To All Pro-Ana/Mia Websites...

An anonymous eating disorder survivor writes an open letter to all pro-ana and pro-mia websites. These websites are little-known dark areas of the Internet that prey on the insecurities and vulnerability of people with, or the propensity to develop, eating disorders. These websites give tips for and encourage the sustenance of eating disorders, implying that they are not only harmless but also show strength. Our anonymous writer expresses her anger, disdain and upset, calling, controversially, for them to be banned. 

Warning: This article covers the subjects of anorexia and bulimia. 

To all pro-ana/mia websites,

I am writing to you as a former sufferer of anorexia and bulimia nervosa; physical and mental illnesses that are the sole topics of your web pages and blogs. I say former, but that was no thanks at all to your websites. For years, I starved myself and made myself vomit repetitively until the problem was so severe that I was nearly hospitalised; this problem started when, as an innocent fourteen-year-old, I stumbled onto a pro-mia website.

It soon became my bible for a thin way of life; the, supposedly trustworthy advice, is written in a scarily ordered and convincing fashion. Any healthy person would at once have sensed that there is something wrong with articles such as “5 foods to eat which can easily be vomited up” and “How to live on 500 calories a day”. But these subjects usually concern people who are not mentally healthy. In my middle and late teens I suffered terribly from low self-esteem, anxiety and depression, as I am sure many others do. The common link between those of us who suffer from anorexia and bulimia is that our state of mind means we are easily brainwashed into believing that this is a healthy lifestyle; that such illnesses show self-restraint rather than self-harm.

Well, let me make one thing clear. Bulimia and anorexia are neither lifestyles, nor are they healthy in any way shape or form; you glorify actions that could kill someone. Your websites are purely playing on and increasing people’s insecurities and tricking them into believing that anorexia/bulimia are normal.  This needs to stop. Not only are you tricking yourselves, you are projecting your disillusioned views onto other vulnerable people; views that not only brainwash but physically harm them.

Any blogs/websites/forums of such a harmful nature deserve no place on the Internet.
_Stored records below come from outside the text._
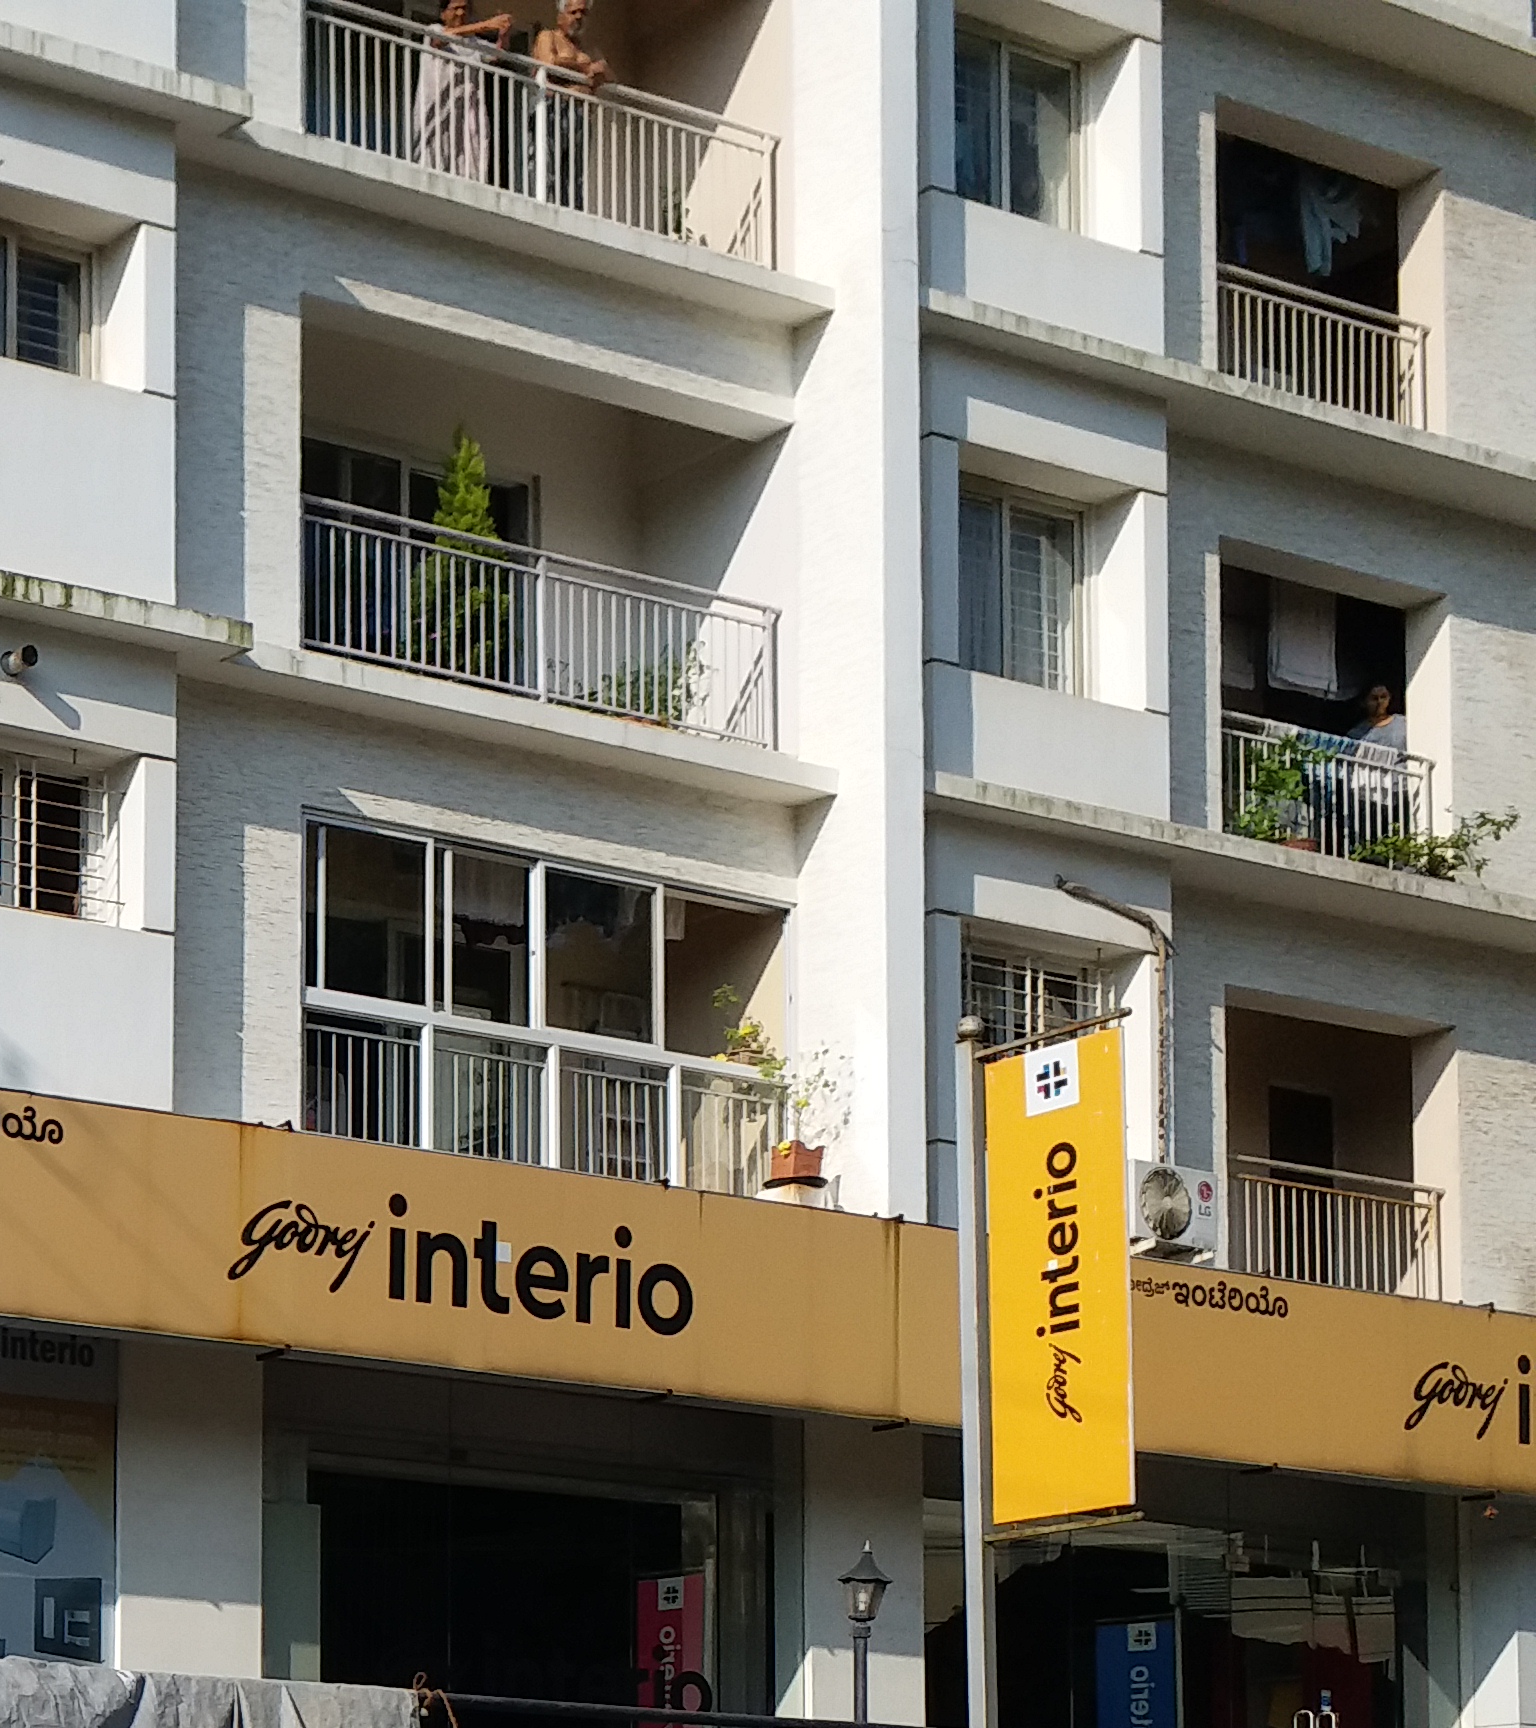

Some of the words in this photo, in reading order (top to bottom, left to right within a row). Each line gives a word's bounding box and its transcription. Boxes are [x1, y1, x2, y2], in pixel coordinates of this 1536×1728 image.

[1033, 1141, 1081, 1338] interio
[1198, 1204, 1212, 1218] LG
[227, 1199, 375, 1294] Godrej
[388, 1193, 694, 1336] interio
[0, 1327, 95, 1368] interio
[1045, 1342, 1083, 1423] Godrej
[1403, 1361, 1509, 1441] Godrej
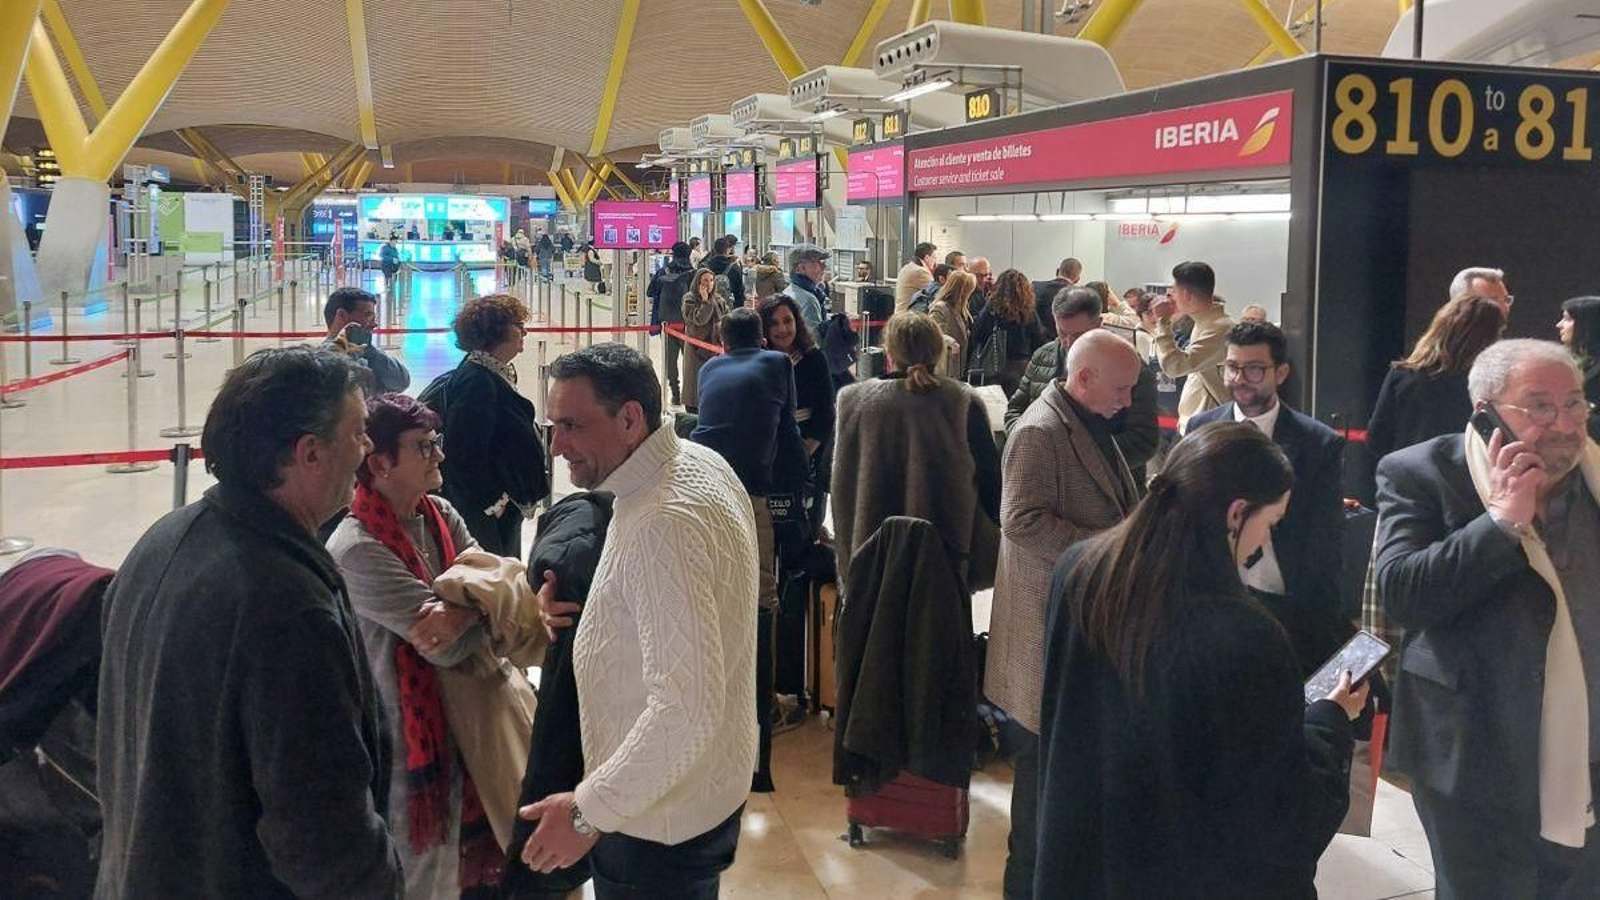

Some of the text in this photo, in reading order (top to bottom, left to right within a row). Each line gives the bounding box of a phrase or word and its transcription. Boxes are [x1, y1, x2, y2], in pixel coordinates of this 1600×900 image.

[968, 94, 990, 119] 810
[1485, 84, 1505, 111] to
[1332, 73, 1474, 158] 810
[1155, 117, 1239, 150] IBERIA
[1483, 127, 1499, 151] a
[914, 156, 938, 169] Atención
[945, 152, 967, 165] cliente
[972, 149, 992, 162] venta
[993, 148, 1002, 160] de
[1002, 144, 1032, 160] billetes
[914, 174, 938, 187] Customer
[938, 172, 959, 185] service
[959, 169, 971, 183] and
[971, 168, 989, 182] ticket
[990, 166, 1005, 180] sale
[1118, 223, 1160, 236] IBERIA
So, do us all a favour; take any pages that glorify anorexia or bulimia and offer tips about how to take part in such a lifestyle off the web. You may still be delusional enough to believe that this is a healthy choice, but please give other people a chance to realise how much they are hurting themselves and to seek the help and treatment they need. You may see yourselves as ambassadors of a chosen lifestyle, but what you do is not healthy, neither is it normal, and glorifying deadly mental illnesses in such a way that it creates a community of followers is despicable and creates an unknown amount of harm, to whomever is unfortunate enough to stumble across them.

On these websites, anorexic or bulimic individuals whose maxim is “thinspiration” openly spill their diet and exercise secrets, no matter how extreme and unhealthy. However, just because an online community is gaining momentum does not mean that their focus is right. In essence, they motivate one another to maintain their eating disorders and are virtually assisting each other in a prolonged suicide. This information is accessible to all web-users, and given that many children have access to the Internet in the current day and age, these sites could go as far as corrupting pre-pubescents. The controversial information is right at their fingertips. If these websites are not censored they will continue to corrupt youth and increase eating disorders among younger generations.

Although some may argue that websites that support and endorse bulimia and anorexia are exercising their right to the expression of free speech, the UN states that ‘[The right to freedom of expression may] be subject to certain restrictions […] for the protection […] of public order or of public health or morals.’  Pro-ana/mia websites portray anorexia and bulimia in a positive light and increase the likelihood of people who view them developing or worsening an eating disorder. As long as this information remains online, it is accessible to any number of people who could be brainwashed into believing that mental illnesses are healthy and good. This should, I feel, constitute a need ‘for the protection […] of public health.’ As a result, I declare – Please, Ban All Pro-Ana/Mia Websites!